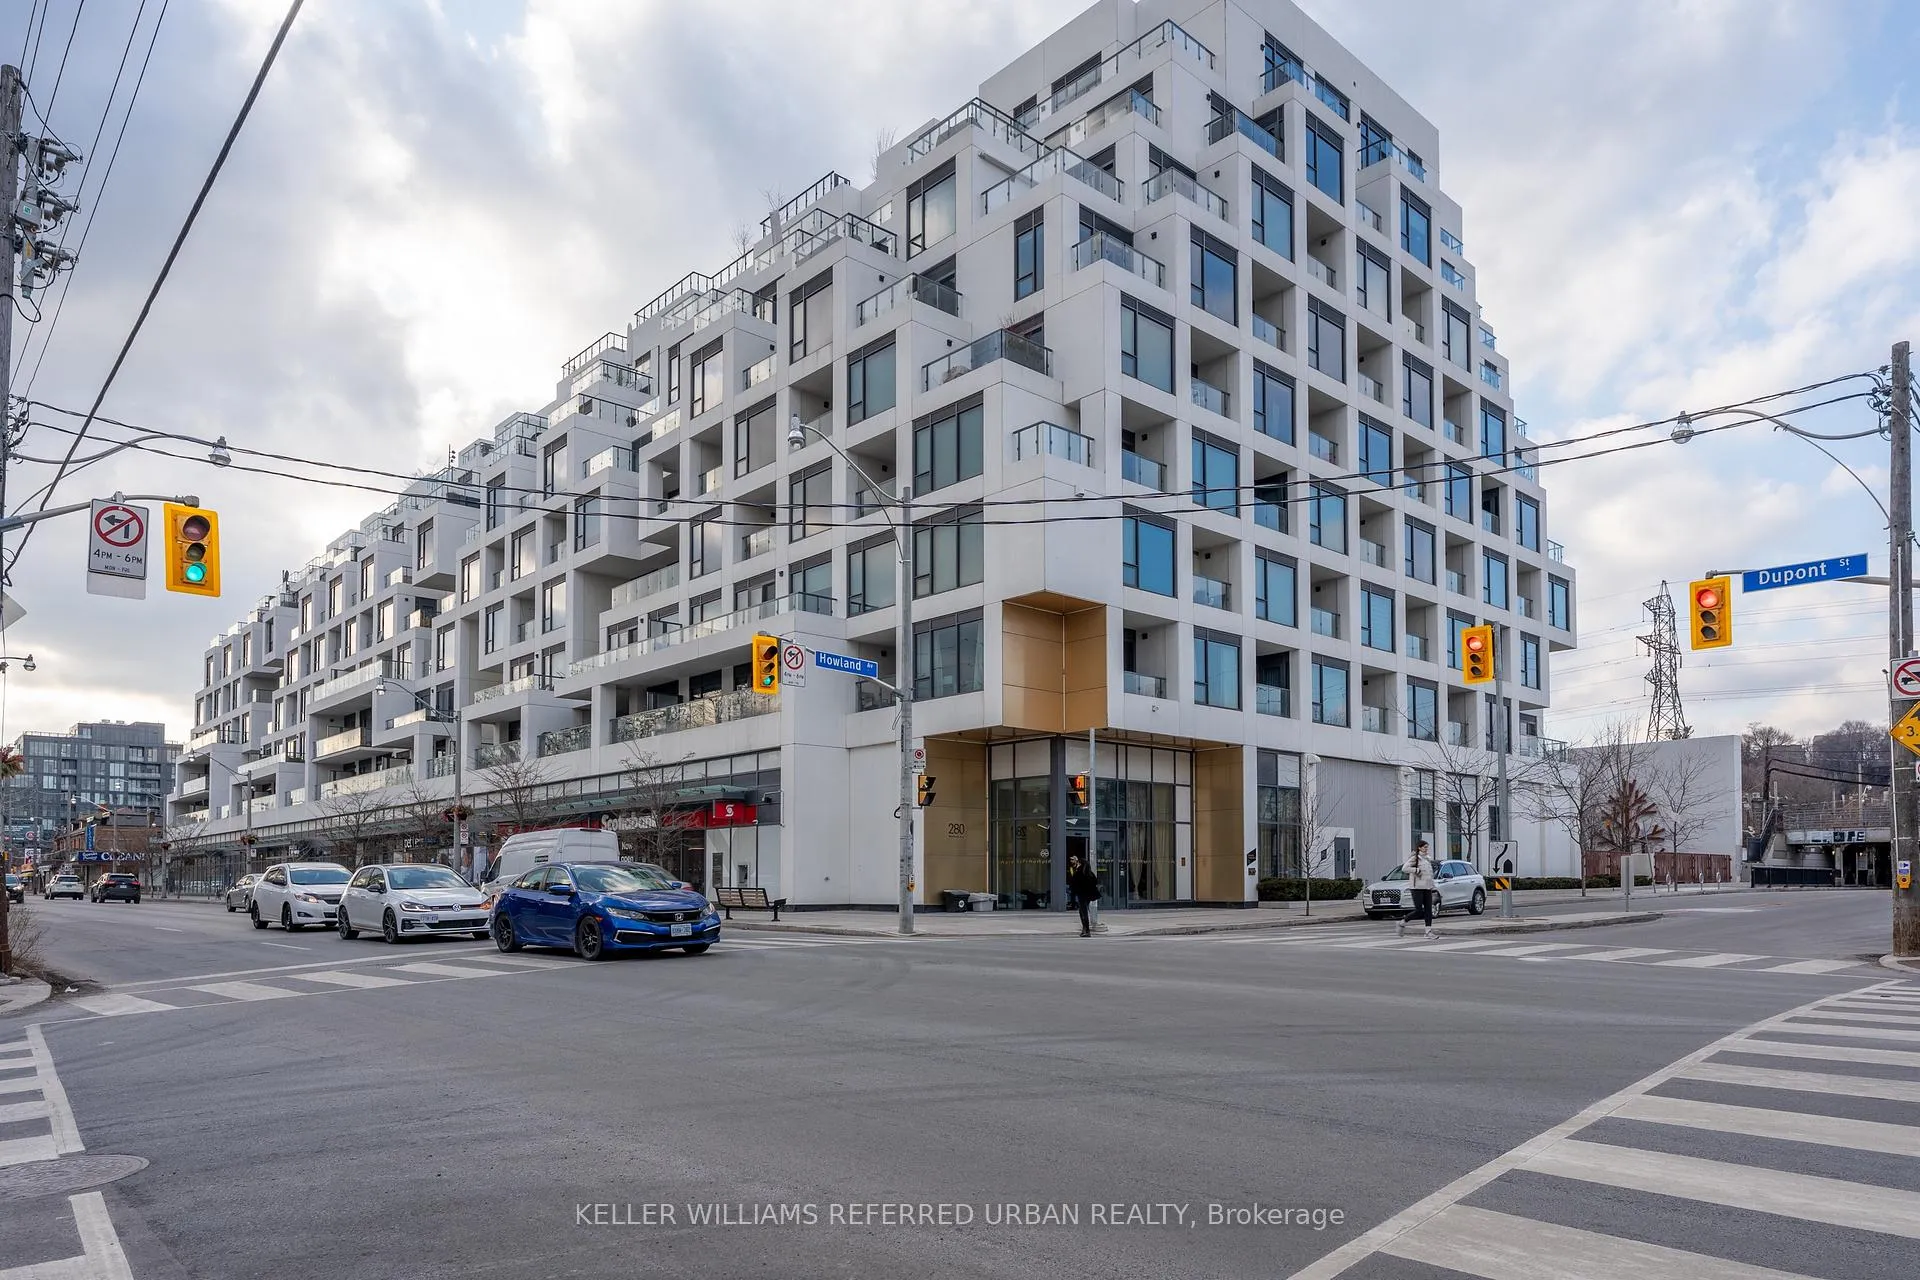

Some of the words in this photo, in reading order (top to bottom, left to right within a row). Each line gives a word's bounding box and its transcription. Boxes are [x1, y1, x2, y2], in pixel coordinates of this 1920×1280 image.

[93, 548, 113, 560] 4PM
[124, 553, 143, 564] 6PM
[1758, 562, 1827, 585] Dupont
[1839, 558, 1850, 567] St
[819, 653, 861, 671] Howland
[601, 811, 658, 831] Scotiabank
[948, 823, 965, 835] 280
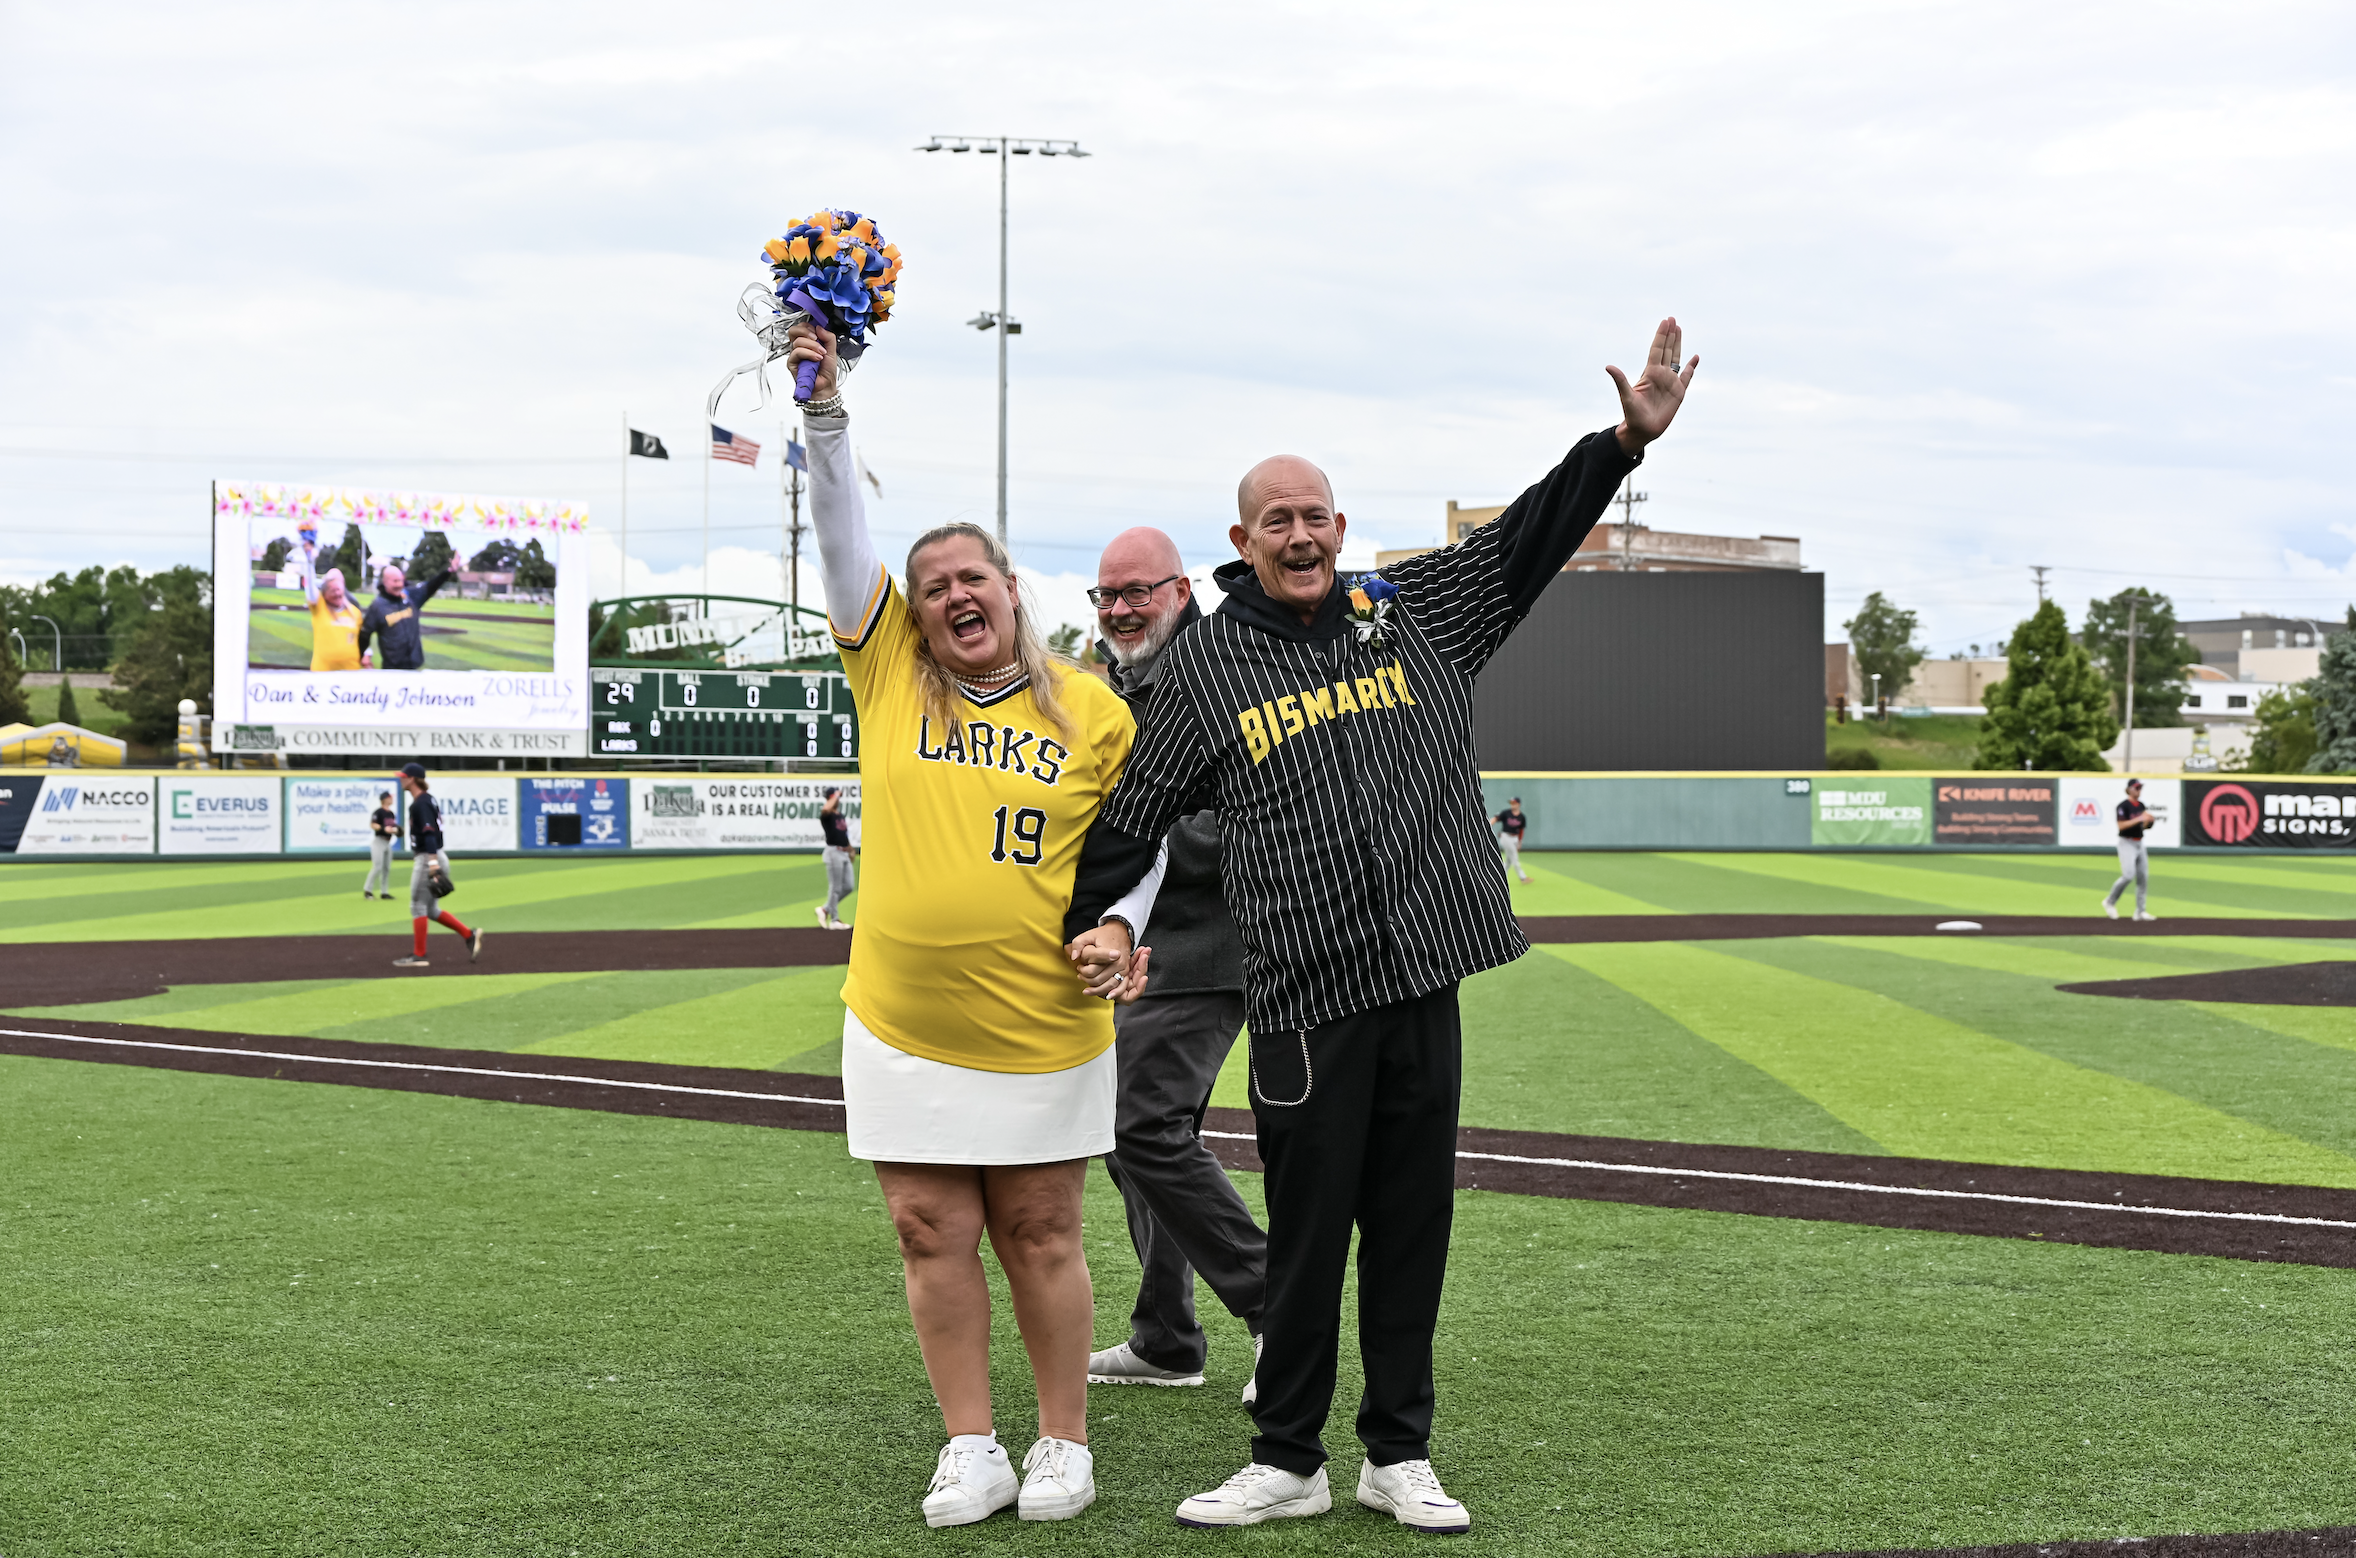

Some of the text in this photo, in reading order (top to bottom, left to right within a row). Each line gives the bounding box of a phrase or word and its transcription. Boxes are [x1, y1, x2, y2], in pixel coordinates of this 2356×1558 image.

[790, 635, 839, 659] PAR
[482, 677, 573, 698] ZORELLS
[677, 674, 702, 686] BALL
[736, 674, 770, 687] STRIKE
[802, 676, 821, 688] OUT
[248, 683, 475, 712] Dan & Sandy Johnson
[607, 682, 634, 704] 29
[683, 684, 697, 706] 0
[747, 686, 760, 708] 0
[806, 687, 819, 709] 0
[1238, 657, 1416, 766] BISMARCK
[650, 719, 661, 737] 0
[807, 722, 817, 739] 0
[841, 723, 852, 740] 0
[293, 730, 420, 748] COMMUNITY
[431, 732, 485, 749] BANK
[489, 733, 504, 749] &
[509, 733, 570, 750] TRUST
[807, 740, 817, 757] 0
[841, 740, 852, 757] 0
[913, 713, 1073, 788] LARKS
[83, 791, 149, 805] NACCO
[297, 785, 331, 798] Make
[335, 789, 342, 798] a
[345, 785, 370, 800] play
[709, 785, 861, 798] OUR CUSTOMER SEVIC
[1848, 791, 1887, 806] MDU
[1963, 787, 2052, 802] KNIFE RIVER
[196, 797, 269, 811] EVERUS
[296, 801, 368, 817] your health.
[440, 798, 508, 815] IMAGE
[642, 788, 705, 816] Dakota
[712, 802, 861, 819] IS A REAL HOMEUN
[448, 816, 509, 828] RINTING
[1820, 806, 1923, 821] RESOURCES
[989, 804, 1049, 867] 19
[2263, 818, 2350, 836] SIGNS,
※ ※ ※
> _WHAT TO WORK ON_
The whole listing, minus its images, should be repeated exactly.

> _OUTPUT FOR THIS TASK_
Some of the words in this photo, in reading order (top to bottom, left to right within a row). Each line gives a word's bounding box and its transcription. Boxes are [x1, y1, x2, y2], in pixel coordinates of this 1920×1280 image.

[93, 548, 113, 560] 4PM
[124, 553, 143, 564] 6PM
[1758, 562, 1827, 585] Dupont
[1839, 558, 1850, 567] St
[819, 653, 861, 671] Howland
[601, 811, 658, 831] Scotiabank
[948, 823, 965, 835] 280

Some of the text in this photo, in reading order (top to bottom, left to right within a row). Each line gives the bounding box of a phrase or word and its transcription. Boxes are [x1, y1, x2, y2], in pixel coordinates of this 2356×1558 image.

[790, 635, 839, 659] PAR
[482, 677, 573, 698] ZORELLS
[677, 674, 702, 686] BALL
[736, 674, 770, 687] STRIKE
[802, 676, 821, 688] OUT
[248, 683, 475, 712] Dan & Sandy Johnson
[607, 682, 634, 704] 29
[683, 684, 697, 706] 0
[747, 686, 760, 708] 0
[806, 687, 819, 709] 0
[1238, 657, 1416, 766] BISMARCK
[650, 719, 661, 737] 0
[807, 722, 817, 739] 0
[841, 723, 852, 740] 0
[293, 730, 420, 748] COMMUNITY
[431, 732, 485, 749] BANK
[489, 733, 504, 749] &
[509, 733, 570, 750] TRUST
[807, 740, 817, 757] 0
[841, 740, 852, 757] 0
[913, 713, 1073, 788] LARKS
[83, 791, 149, 805] NACCO
[297, 785, 331, 798] Make
[335, 789, 342, 798] a
[345, 785, 370, 800] play
[709, 785, 861, 798] OUR CUSTOMER SEVIC
[1848, 791, 1887, 806] MDU
[1963, 787, 2052, 802] KNIFE RIVER
[196, 797, 269, 811] EVERUS
[296, 801, 368, 817] your health.
[440, 798, 508, 815] IMAGE
[642, 788, 705, 816] Dakota
[712, 802, 861, 819] IS A REAL HOMEUN
[448, 816, 509, 828] RINTING
[1820, 806, 1923, 821] RESOURCES
[989, 804, 1049, 867] 19
[2263, 818, 2350, 836] SIGNS,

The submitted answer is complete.